Week 5 — Lecture Tutorial (AI Tutor) · Tissues (Histology)

Human Anatomy & Physiology · BIOL 2301 (lecture) + BIOL 2101 (lab) Fall 2026 · Prof. Navarro Fictional sample

Course: Anatomy & Physiology I (BIOL 2301 + BIOL 2101) · Silver Oak University (fictional sample) · Prof. Navarro
Covers: what a tissue is & the structure–function theme · the four primary tissue types · epithelial classification (layers × shape) · connective tissue & its subtypes (incl. blood) · the three muscle types & nervous tissue · tissue membranes
Time: 60–90 minutes · You may stop and finish later.


Part 1 — Student Instructions (read this first)
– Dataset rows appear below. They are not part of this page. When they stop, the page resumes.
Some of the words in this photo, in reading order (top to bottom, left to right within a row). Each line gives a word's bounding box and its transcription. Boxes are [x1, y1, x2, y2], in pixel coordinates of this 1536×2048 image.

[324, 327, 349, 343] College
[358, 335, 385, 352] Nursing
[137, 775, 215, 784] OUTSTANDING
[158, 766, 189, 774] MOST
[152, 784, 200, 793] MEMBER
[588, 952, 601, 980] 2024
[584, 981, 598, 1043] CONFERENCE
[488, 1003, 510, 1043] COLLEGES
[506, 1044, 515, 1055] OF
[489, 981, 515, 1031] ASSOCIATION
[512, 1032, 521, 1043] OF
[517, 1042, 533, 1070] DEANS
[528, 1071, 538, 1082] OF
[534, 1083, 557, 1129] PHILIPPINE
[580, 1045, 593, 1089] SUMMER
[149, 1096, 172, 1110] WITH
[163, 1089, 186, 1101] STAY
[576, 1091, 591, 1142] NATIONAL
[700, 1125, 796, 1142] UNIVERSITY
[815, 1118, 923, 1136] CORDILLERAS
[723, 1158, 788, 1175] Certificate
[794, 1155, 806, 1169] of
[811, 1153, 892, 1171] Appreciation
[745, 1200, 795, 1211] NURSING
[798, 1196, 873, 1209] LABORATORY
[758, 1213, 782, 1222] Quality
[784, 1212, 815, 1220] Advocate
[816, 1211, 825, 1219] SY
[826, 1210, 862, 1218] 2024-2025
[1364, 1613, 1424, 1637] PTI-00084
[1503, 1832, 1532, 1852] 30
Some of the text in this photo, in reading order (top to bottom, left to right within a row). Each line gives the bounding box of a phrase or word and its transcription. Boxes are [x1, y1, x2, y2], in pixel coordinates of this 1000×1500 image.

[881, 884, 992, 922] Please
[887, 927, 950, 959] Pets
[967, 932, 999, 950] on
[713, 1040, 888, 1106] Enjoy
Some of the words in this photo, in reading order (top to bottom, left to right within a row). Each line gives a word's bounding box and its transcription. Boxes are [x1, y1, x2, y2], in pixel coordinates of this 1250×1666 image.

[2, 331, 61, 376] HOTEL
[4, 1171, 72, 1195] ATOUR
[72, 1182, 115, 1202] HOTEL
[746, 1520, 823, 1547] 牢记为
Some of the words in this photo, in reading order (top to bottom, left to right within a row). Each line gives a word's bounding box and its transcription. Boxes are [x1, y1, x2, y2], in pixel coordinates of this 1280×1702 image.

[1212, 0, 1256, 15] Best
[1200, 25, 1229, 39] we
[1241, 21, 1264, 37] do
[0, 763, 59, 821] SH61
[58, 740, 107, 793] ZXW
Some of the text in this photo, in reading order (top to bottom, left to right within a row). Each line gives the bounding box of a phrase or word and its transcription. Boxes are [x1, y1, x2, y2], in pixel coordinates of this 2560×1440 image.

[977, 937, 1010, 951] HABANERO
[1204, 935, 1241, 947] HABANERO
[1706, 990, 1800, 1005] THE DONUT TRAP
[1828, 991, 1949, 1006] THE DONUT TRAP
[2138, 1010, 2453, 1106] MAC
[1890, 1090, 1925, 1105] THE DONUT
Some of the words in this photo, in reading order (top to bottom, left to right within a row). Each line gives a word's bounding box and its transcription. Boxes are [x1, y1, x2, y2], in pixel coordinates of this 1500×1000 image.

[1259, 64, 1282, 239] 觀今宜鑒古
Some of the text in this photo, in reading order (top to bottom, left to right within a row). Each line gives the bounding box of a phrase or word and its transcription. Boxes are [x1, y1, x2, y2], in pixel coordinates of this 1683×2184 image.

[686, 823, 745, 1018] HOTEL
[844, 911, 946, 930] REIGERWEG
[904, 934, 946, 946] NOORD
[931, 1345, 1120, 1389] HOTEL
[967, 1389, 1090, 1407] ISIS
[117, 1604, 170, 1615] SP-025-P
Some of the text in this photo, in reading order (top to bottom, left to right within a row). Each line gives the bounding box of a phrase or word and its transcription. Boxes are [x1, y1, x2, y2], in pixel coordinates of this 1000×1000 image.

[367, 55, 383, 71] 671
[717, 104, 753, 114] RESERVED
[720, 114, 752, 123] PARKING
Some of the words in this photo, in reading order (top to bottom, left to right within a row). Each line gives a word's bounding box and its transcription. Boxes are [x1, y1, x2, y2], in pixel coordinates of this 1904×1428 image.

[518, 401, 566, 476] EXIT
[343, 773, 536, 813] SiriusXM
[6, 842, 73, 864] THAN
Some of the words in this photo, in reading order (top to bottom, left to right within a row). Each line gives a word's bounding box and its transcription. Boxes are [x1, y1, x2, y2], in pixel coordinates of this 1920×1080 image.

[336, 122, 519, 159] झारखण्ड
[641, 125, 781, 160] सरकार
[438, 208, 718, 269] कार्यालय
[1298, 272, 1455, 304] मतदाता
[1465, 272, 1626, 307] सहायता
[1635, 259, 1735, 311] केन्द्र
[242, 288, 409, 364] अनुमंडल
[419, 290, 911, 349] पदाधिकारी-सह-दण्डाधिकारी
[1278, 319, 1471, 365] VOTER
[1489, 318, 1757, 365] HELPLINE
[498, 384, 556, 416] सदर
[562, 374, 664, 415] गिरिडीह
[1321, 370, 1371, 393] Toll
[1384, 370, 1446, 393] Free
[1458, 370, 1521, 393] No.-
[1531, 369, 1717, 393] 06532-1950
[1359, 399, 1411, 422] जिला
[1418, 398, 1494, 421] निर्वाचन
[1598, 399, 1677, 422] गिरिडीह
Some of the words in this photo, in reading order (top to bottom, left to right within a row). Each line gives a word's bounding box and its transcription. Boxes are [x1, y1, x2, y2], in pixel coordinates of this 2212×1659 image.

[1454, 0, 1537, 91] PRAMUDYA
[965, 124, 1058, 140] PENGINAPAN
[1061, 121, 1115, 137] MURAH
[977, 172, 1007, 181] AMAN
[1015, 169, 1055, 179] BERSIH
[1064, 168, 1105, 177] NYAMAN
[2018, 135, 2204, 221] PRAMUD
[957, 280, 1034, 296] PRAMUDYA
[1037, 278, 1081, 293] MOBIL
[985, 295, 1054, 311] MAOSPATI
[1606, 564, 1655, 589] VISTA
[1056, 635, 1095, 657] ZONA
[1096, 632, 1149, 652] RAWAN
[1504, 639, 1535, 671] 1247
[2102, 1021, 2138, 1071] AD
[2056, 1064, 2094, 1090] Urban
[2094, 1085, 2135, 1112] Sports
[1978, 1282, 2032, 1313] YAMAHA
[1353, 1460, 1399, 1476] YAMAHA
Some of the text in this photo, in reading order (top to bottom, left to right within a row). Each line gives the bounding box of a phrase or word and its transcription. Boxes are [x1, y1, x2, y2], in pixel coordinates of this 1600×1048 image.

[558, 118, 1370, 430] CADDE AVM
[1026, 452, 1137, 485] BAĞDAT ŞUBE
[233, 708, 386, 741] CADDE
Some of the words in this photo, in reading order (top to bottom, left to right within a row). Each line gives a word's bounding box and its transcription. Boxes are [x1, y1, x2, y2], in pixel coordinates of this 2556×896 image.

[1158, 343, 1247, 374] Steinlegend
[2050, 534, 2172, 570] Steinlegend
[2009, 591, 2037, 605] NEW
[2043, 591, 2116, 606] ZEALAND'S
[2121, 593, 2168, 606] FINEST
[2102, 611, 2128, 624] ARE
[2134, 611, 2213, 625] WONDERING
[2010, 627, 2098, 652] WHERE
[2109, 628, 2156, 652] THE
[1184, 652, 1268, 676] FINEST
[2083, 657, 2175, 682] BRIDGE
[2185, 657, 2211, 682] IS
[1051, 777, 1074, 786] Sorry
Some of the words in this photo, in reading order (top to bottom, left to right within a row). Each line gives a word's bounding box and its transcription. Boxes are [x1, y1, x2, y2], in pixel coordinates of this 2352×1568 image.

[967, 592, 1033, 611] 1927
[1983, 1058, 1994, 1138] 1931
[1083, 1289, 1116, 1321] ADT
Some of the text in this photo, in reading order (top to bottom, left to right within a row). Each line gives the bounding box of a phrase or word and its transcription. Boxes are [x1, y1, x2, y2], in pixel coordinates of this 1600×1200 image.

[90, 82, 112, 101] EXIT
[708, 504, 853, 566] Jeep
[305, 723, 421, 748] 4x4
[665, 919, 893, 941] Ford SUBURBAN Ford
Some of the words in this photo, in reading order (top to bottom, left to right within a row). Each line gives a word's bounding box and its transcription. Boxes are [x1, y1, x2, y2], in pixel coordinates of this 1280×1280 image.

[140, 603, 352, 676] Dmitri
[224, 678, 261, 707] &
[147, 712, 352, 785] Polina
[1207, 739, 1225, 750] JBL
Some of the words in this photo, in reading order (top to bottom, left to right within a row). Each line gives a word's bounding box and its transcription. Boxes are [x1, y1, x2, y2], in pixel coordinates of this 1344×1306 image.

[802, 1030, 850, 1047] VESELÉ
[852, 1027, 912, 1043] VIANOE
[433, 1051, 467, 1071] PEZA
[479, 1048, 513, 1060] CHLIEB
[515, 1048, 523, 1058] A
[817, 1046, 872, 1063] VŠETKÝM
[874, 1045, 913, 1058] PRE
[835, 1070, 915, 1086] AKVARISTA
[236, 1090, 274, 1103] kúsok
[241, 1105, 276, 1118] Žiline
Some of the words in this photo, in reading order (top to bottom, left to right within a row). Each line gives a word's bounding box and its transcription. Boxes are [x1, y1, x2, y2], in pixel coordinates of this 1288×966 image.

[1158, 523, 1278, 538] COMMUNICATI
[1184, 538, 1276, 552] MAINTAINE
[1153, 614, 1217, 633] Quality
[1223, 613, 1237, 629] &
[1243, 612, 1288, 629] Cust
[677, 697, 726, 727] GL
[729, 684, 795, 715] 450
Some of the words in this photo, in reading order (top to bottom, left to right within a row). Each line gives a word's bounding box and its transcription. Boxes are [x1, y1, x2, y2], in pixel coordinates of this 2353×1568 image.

What this is. A free AI chatbot becomes your supportive, one-on-one Week 5 tutor. It teaches first, then gives you practice at your own pace, and ends with a short check and a completion summary you'll submit.

How to run it (3 steps):
1. Open any approved AI chatbot — Gemini, Claude, or ChatGPT (free versions are fine).
2. Copy everything inside the box below (the whole prompt) and paste it as one single message.
3. Answer the tutor's questions honestly and go. Wrong answers are where the learning happens — the tutor adapts to you.

Get the most out of it:
- Ask lots of questions. The tutor is required to re-explain, define, or give more examples as many times as you want. The only thing it won't hand you outright is the answer to the exact problem you're working on — and even then, it explains fully after you've really tried.
- You can finish later. If needed, you can leave the chat and return to it later, prompting the tutor as necessary to continue and finish.
- Save your Completion Summary the moment it appears — that's what you submit.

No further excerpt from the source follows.